STANDARD FOR GRANTING MANDAMUS—ORDER GRANTING NEW TRIAL
A trial court’s order granting a new trial after a jury trial is subject to mandamus review.
In re Zimmer, Inc., 451 S.W.3d 893, 898 (Tex. App.—Dallas 2014, orig. proceeding) (citing In
re United Scaffolding, Inc., 377 S.W.3d 685, 688–89 (Tex. 2012) (orig. proceeding)). A new
trial order must initially satisfy two “facial requirements.” In re Bent, 487 S.W.3d 170, 173
(Tex. 2016) (orig. proceeding). One, the order must state a legally appropriate reason for the
new trial. Id. Two, the stated reason must be specific enough to indicate that the trial court did
not simply parrot a pro forma template but rather derived the articulated reason from the case’s
particular facts and circumstances. Id. The order must satisfy both requirements, or it reflects an
abuse of discretion correctable by mandamus. See United Scaffolding, 377 S.W.3d at 688–89.

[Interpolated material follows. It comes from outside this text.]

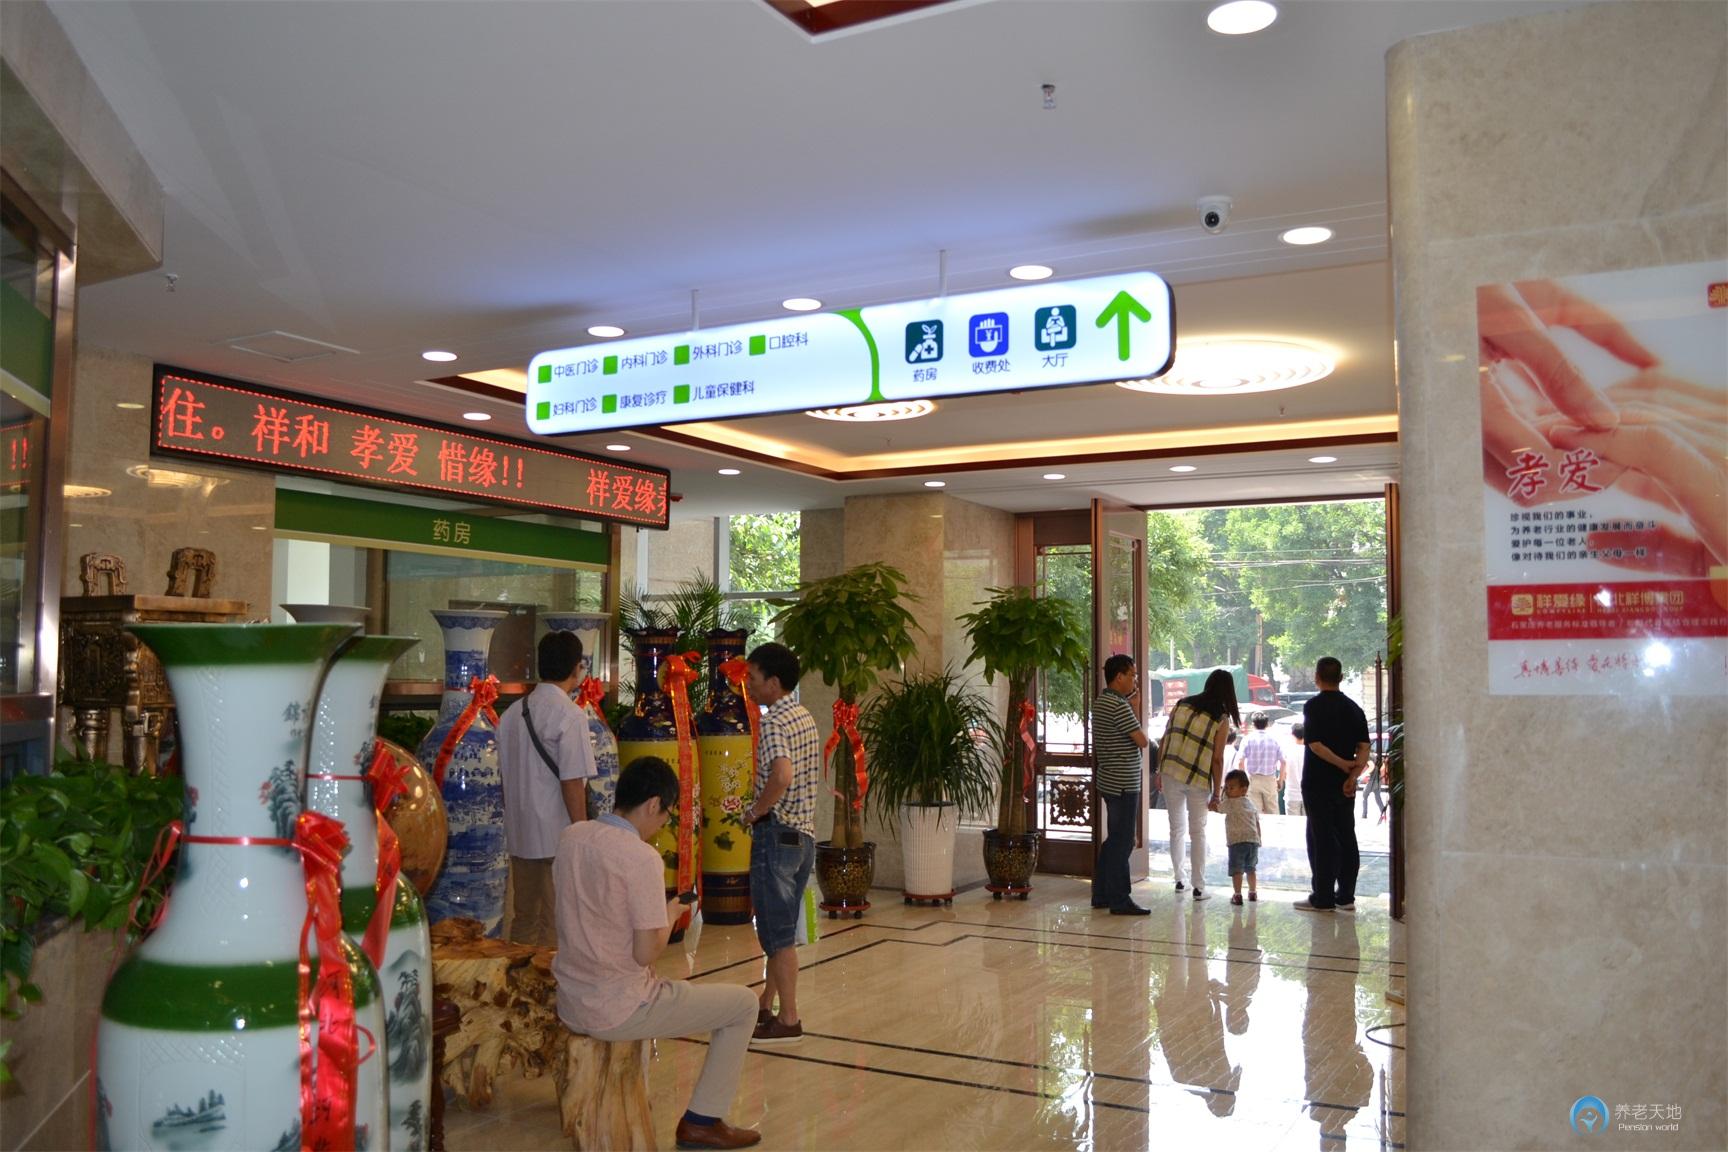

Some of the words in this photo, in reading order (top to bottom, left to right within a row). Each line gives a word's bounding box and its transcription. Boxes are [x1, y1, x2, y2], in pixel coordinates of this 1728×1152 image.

Further, even if a new trial order meets the facial requirements, a relator can show an
abuse of discretion and an entitlement to mandamus relief if, after a merits review, the record
does not support the trial court’s rationale for ordering a new trial. Bent, 487 S.W.3d at 173; In
re Toyota Motor Sales, U.S.A., Inc., 407 S.W.3d 746, 749 (Tex. 2013) (orig. proceeding).
DISCUSSION
A. Were the trial court’s reasons for ordering a new trial both sufficiently specific and
legally appropriate?
The order in this case cites (1) BCH’s violation of limine orders limiting the scope of
BCH’s attorney fee expert’s testimony, 2 (2) BCH’s improper jury argument attacking the
2
The Order Granting Plaintiffs’ Motion for New Trial identifies BCH’s expert’s testimony concerning the number of hours he believed
would be reasonable for prosecution of a deed restriction case like this one, and BCH’s attempts to present testimony that plaintiffs’ attorneys’
“block billing” statements were somehow improper or impermissible, as violations of limine orders.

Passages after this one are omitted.